### WORK REQUIRED
Your answer must consist solely of the line containing "this 1500×1000 image." and each line after it through the end of the data, copied exactly.

### TASK INPUT
◆ ◆ ◆ ◆ ◆ ◆ ◆
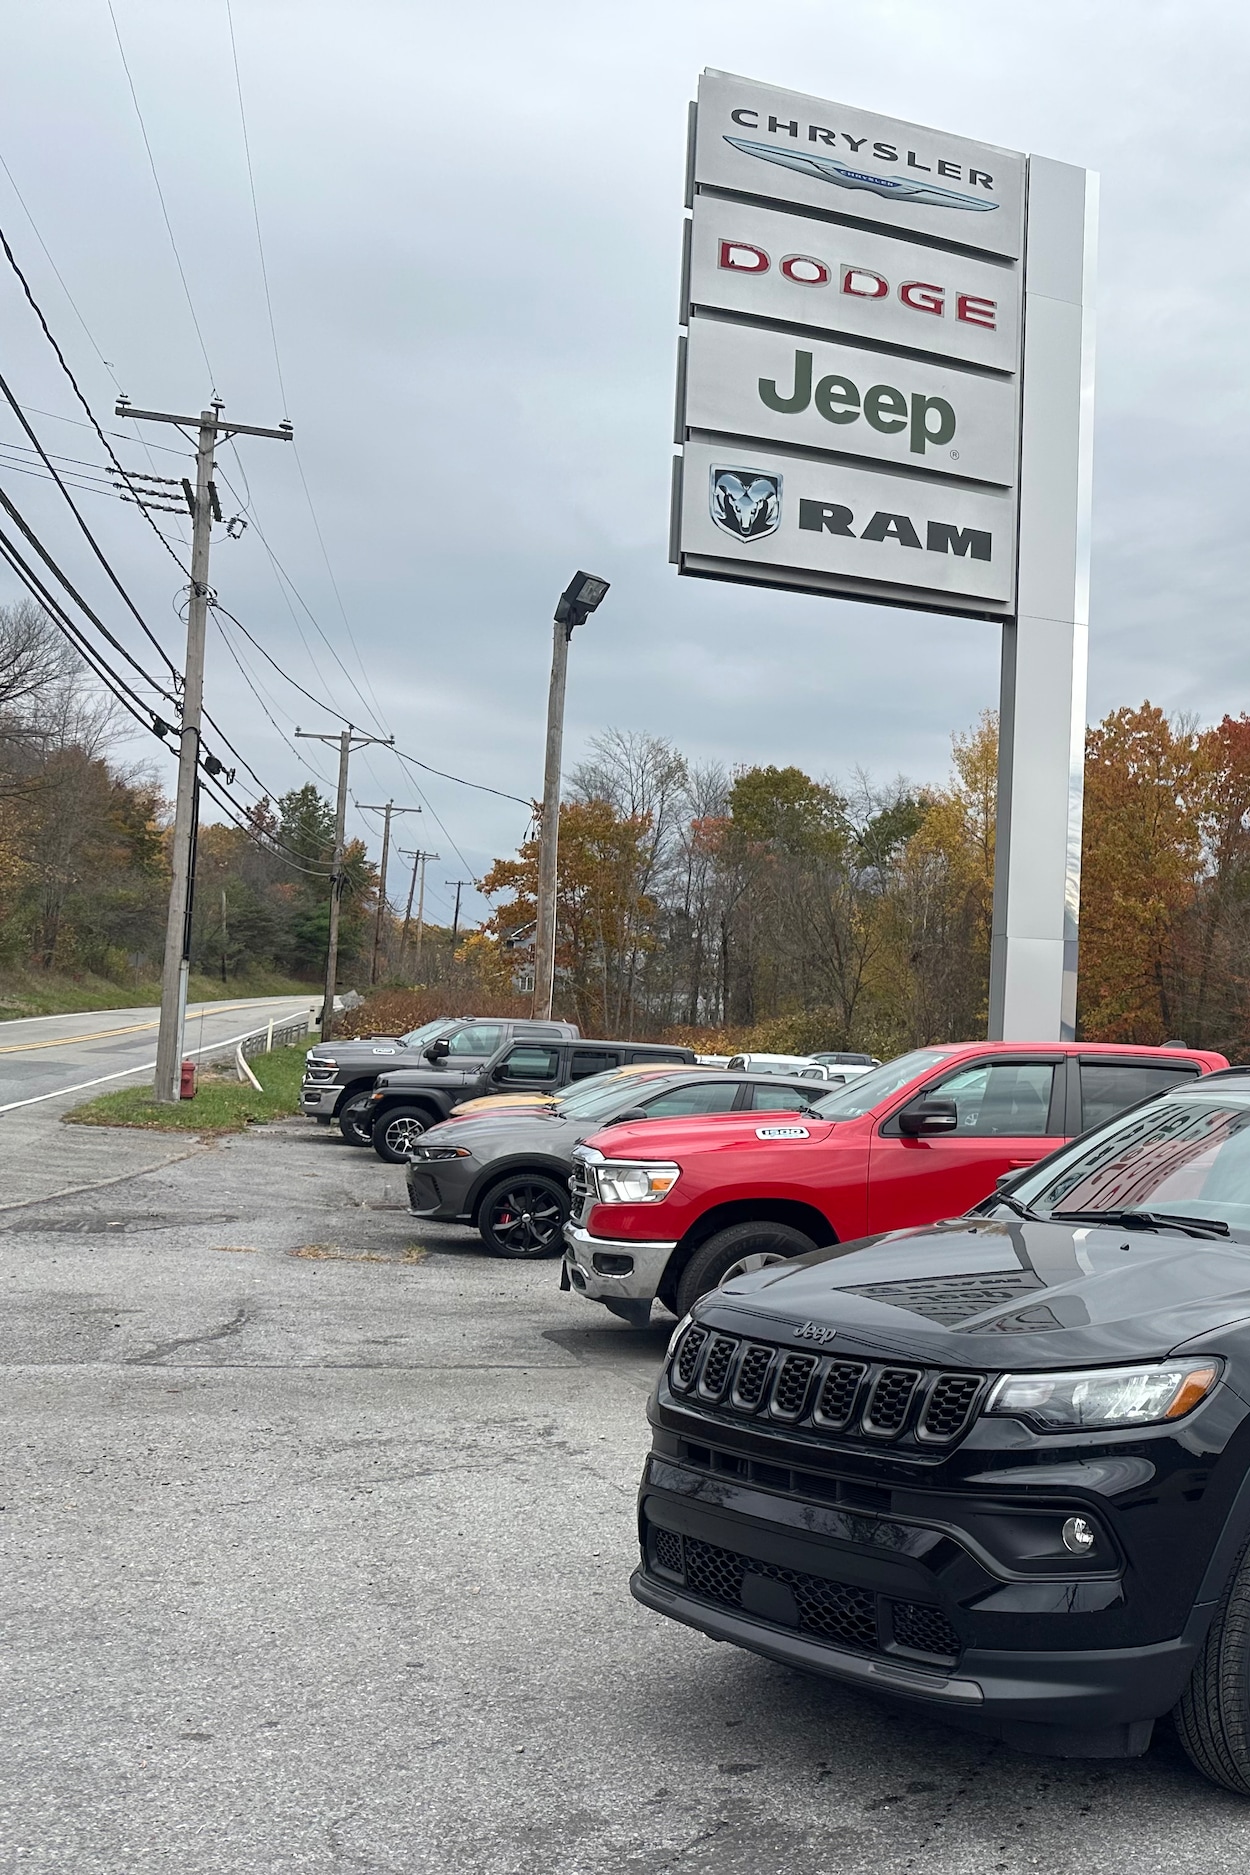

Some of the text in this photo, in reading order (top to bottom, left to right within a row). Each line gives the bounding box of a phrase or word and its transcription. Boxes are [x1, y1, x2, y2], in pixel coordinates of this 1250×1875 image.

[730, 108, 995, 191] CHRYSLER
[717, 238, 997, 331] DODGE
[758, 349, 957, 454] Jeep
[798, 497, 992, 562] RAM
[792, 1320, 838, 1346] Jeep
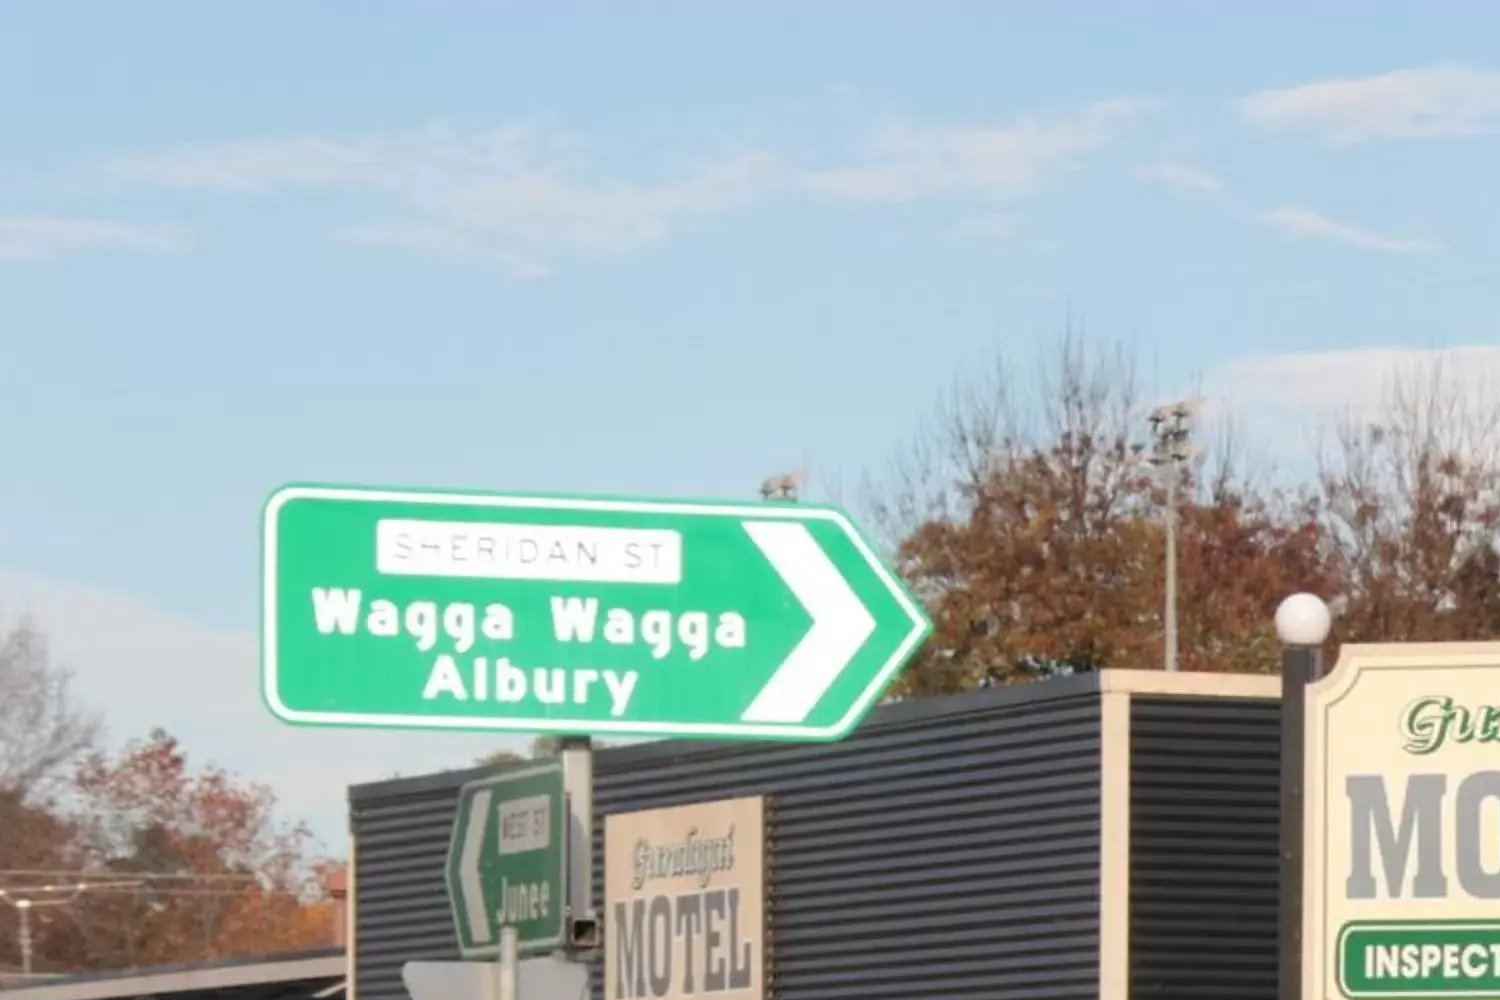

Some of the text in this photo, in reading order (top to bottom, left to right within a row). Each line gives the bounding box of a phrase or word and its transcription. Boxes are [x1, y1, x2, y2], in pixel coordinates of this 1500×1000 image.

[393, 531, 666, 571] SHERIDAN ST
[311, 586, 747, 660] Wagga Wagga
[421, 654, 639, 717] Albury
[630, 824, 736, 890] Gundagai
[496, 876, 550, 924] Junee
[614, 888, 752, 1000] MOTEL
◆ ◆ ◆ ◆ ◆ ◆ ◆
### TASK RESPONSE
Some of the text in this photo, in reading order (top to bottom, left to right within a row). Each line gives the bounding box of a phrase or word and its transcription. Boxes are [x1, y1, x2, y2], in pixel coordinates of this 1500×1000 image.

[393, 531, 666, 571] SHERIDAN ST
[311, 586, 747, 660] Wagga Wagga
[421, 654, 639, 717] Albury
[630, 824, 736, 890] Gundagai
[496, 876, 550, 924] Junee
[614, 888, 752, 1000] MOTEL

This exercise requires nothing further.